> Data extract:

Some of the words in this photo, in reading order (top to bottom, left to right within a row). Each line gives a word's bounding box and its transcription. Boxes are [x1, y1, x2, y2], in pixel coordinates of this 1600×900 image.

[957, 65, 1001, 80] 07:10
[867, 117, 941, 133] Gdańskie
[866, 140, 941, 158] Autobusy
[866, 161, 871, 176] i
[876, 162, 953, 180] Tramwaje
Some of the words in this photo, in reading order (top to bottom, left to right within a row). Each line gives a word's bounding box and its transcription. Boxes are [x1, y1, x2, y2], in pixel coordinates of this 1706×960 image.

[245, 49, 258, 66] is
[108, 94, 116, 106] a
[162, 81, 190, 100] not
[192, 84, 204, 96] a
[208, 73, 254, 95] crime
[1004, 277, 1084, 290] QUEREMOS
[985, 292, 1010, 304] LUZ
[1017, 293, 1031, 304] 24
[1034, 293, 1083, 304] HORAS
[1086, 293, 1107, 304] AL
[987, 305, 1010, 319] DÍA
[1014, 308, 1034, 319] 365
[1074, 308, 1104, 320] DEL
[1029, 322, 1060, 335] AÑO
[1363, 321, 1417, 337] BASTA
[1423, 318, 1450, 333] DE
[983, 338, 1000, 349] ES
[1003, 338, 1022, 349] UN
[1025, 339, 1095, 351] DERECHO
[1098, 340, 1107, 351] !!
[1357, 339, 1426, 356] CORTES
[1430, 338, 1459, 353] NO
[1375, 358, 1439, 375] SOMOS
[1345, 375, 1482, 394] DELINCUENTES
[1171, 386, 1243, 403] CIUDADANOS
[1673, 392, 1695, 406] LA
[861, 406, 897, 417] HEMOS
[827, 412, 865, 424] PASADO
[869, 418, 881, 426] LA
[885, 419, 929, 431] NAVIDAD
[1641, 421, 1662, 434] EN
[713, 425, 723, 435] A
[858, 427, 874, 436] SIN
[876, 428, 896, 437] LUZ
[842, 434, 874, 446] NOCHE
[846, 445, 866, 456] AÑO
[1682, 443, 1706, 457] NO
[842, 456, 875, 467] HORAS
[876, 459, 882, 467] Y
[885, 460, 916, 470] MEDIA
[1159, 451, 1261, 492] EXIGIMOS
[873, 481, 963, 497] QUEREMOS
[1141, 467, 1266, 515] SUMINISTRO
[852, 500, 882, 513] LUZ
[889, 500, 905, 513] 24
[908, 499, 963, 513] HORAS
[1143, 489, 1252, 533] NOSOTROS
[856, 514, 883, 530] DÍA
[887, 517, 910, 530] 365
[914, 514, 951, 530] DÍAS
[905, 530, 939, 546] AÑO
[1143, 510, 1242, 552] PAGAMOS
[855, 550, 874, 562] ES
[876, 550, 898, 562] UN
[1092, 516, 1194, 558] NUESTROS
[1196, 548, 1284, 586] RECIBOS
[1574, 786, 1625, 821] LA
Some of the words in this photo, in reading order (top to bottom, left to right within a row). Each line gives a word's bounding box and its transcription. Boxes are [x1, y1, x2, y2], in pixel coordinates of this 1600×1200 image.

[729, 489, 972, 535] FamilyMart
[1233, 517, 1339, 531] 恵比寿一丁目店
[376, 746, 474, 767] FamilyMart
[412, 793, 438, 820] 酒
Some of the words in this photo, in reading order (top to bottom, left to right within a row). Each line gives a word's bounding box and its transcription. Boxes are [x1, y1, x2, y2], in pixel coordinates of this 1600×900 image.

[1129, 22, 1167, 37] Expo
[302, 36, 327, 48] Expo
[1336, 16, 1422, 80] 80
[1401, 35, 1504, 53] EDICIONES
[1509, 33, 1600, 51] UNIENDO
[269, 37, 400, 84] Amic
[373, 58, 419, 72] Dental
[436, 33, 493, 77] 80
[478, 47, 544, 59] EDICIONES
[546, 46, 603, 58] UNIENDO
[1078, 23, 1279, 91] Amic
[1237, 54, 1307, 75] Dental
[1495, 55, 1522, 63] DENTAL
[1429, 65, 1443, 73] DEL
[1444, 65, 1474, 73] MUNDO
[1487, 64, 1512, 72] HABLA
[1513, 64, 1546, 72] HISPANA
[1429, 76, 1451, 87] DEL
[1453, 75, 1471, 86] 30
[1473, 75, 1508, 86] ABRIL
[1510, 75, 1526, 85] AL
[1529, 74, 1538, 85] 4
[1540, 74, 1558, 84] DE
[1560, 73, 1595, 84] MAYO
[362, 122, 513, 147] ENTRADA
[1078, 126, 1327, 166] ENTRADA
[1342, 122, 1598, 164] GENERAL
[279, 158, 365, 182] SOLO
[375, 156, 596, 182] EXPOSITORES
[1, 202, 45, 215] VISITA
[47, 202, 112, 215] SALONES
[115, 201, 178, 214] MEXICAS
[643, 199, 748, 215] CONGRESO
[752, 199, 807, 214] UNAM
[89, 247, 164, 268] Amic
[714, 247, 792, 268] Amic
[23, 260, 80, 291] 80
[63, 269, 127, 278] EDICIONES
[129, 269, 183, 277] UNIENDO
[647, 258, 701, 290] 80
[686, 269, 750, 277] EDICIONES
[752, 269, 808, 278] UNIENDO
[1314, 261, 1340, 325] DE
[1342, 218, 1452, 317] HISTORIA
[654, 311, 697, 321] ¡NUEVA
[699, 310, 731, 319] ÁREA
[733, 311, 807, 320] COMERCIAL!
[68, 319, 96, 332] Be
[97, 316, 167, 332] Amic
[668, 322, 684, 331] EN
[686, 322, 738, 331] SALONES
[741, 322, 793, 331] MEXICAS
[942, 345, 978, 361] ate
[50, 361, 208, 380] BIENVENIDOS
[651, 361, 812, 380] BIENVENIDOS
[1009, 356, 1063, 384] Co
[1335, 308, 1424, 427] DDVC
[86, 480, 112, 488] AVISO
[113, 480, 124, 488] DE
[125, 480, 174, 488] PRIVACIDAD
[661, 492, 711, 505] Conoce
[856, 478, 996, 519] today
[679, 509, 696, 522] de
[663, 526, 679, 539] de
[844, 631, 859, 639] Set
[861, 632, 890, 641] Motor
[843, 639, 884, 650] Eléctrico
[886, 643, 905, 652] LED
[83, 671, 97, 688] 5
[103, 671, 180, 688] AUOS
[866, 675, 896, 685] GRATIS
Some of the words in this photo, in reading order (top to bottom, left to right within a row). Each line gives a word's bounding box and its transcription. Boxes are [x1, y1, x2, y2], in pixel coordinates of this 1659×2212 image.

> How to complete this task: The answer must consist of all the entries, copied exactly.

> Answer box:
Some of the words in this photo, in reading order (top to bottom, left to right within a row). Each line gives a word's bounding box and its transcription. Boxes are [x1, y1, x2, y2], in pixel coordinates of this 1600×900 image.

[957, 65, 1001, 80] 07:10
[867, 117, 941, 133] Gdańskie
[866, 140, 941, 158] Autobusy
[866, 161, 871, 176] i
[876, 162, 953, 180] Tramwaje
Some of the words in this photo, in reading order (top to bottom, left to right within a row). Each line gives a word's bounding box and its transcription. Boxes are [x1, y1, x2, y2], in pixel coordinates of this 1706×960 image.

[245, 49, 258, 66] is
[108, 94, 116, 106] a
[162, 81, 190, 100] not
[192, 84, 204, 96] a
[208, 73, 254, 95] crime
[1004, 277, 1084, 290] QUEREMOS
[985, 292, 1010, 304] LUZ
[1017, 293, 1031, 304] 24
[1034, 293, 1083, 304] HORAS
[1086, 293, 1107, 304] AL
[987, 305, 1010, 319] DÍA
[1014, 308, 1034, 319] 365
[1074, 308, 1104, 320] DEL
[1029, 322, 1060, 335] AÑO
[1363, 321, 1417, 337] BASTA
[1423, 318, 1450, 333] DE
[983, 338, 1000, 349] ES
[1003, 338, 1022, 349] UN
[1025, 339, 1095, 351] DERECHO
[1098, 340, 1107, 351] !!
[1357, 339, 1426, 356] CORTES
[1430, 338, 1459, 353] NO
[1375, 358, 1439, 375] SOMOS
[1345, 375, 1482, 394] DELINCUENTES
[1171, 386, 1243, 403] CIUDADANOS
[1673, 392, 1695, 406] LA
[861, 406, 897, 417] HEMOS
[827, 412, 865, 424] PASADO
[869, 418, 881, 426] LA
[885, 419, 929, 431] NAVIDAD
[1641, 421, 1662, 434] EN
[713, 425, 723, 435] A
[858, 427, 874, 436] SIN
[876, 428, 896, 437] LUZ
[842, 434, 874, 446] NOCHE
[846, 445, 866, 456] AÑO
[1682, 443, 1706, 457] NO
[842, 456, 875, 467] HORAS
[876, 459, 882, 467] Y
[885, 460, 916, 470] MEDIA
[1159, 451, 1261, 492] EXIGIMOS
[873, 481, 963, 497] QUEREMOS
[1141, 467, 1266, 515] SUMINISTRO
[852, 500, 882, 513] LUZ
[889, 500, 905, 513] 24
[908, 499, 963, 513] HORAS
[1143, 489, 1252, 533] NOSOTROS
[856, 514, 883, 530] DÍA
[887, 517, 910, 530] 365
[914, 514, 951, 530] DÍAS
[905, 530, 939, 546] AÑO
[1143, 510, 1242, 552] PAGAMOS
[855, 550, 874, 562] ES
[876, 550, 898, 562] UN
[1092, 516, 1194, 558] NUESTROS
[1196, 548, 1284, 586] RECIBOS
[1574, 786, 1625, 821] LA
Some of the words in this photo, in reading order (top to bottom, left to right within a row). Each line gives a word's bounding box and its transcription. Boxes are [x1, y1, x2, y2], in pixel coordinates of this 1600×1200 image.

[729, 489, 972, 535] FamilyMart
[1233, 517, 1339, 531] 恵比寿一丁目店
[376, 746, 474, 767] FamilyMart
[412, 793, 438, 820] 酒
Some of the words in this photo, in reading order (top to bottom, left to right within a row). Each line gives a word's bounding box and its transcription. Boxes are [x1, y1, x2, y2], in pixel coordinates of this 1600×900 image.

[1129, 22, 1167, 37] Expo
[302, 36, 327, 48] Expo
[1336, 16, 1422, 80] 80
[1401, 35, 1504, 53] EDICIONES
[1509, 33, 1600, 51] UNIENDO
[269, 37, 400, 84] Amic
[373, 58, 419, 72] Dental
[436, 33, 493, 77] 80
[478, 47, 544, 59] EDICIONES
[546, 46, 603, 58] UNIENDO
[1078, 23, 1279, 91] Amic
[1237, 54, 1307, 75] Dental
[1495, 55, 1522, 63] DENTAL
[1429, 65, 1443, 73] DEL
[1444, 65, 1474, 73] MUNDO
[1487, 64, 1512, 72] HABLA
[1513, 64, 1546, 72] HISPANA
[1429, 76, 1451, 87] DEL
[1453, 75, 1471, 86] 30
[1473, 75, 1508, 86] ABRIL
[1510, 75, 1526, 85] AL
[1529, 74, 1538, 85] 4
[1540, 74, 1558, 84] DE
[1560, 73, 1595, 84] MAYO
[362, 122, 513, 147] ENTRADA
[1078, 126, 1327, 166] ENTRADA
[1342, 122, 1598, 164] GENERAL
[279, 158, 365, 182] SOLO
[375, 156, 596, 182] EXPOSITORES
[1, 202, 45, 215] VISITA
[47, 202, 112, 215] SALONES
[115, 201, 178, 214] MEXICAS
[643, 199, 748, 215] CONGRESO
[752, 199, 807, 214] UNAM
[89, 247, 164, 268] Amic
[714, 247, 792, 268] Amic
[23, 260, 80, 291] 80
[63, 269, 127, 278] EDICIONES
[129, 269, 183, 277] UNIENDO
[647, 258, 701, 290] 80
[686, 269, 750, 277] EDICIONES
[752, 269, 808, 278] UNIENDO
[1314, 261, 1340, 325] DE
[1342, 218, 1452, 317] HISTORIA
[654, 311, 697, 321] ¡NUEVA
[699, 310, 731, 319] ÁREA
[733, 311, 807, 320] COMERCIAL!
[68, 319, 96, 332] Be
[97, 316, 167, 332] Amic
[668, 322, 684, 331] EN
[686, 322, 738, 331] SALONES
[741, 322, 793, 331] MEXICAS
[942, 345, 978, 361] ate
[50, 361, 208, 380] BIENVENIDOS
[651, 361, 812, 380] BIENVENIDOS
[1009, 356, 1063, 384] Co
[1335, 308, 1424, 427] DDVC
[86, 480, 112, 488] AVISO
[113, 480, 124, 488] DE
[125, 480, 174, 488] PRIVACIDAD
[661, 492, 711, 505] Conoce
[856, 478, 996, 519] today
[679, 509, 696, 522] de
[663, 526, 679, 539] de
[844, 631, 859, 639] Set
[861, 632, 890, 641] Motor
[843, 639, 884, 650] Eléctrico
[886, 643, 905, 652] LED
[83, 671, 97, 688] 5
[103, 671, 180, 688] AUOS
[866, 675, 896, 685] GRATIS
Some of the words in this photo, in reading order (top to bottom, left to right within a row). Each line gives a word's bounding box and its transcription. Boxes are [x1, y1, x2, y2], in pixel coordinates of this 1659×2212 image.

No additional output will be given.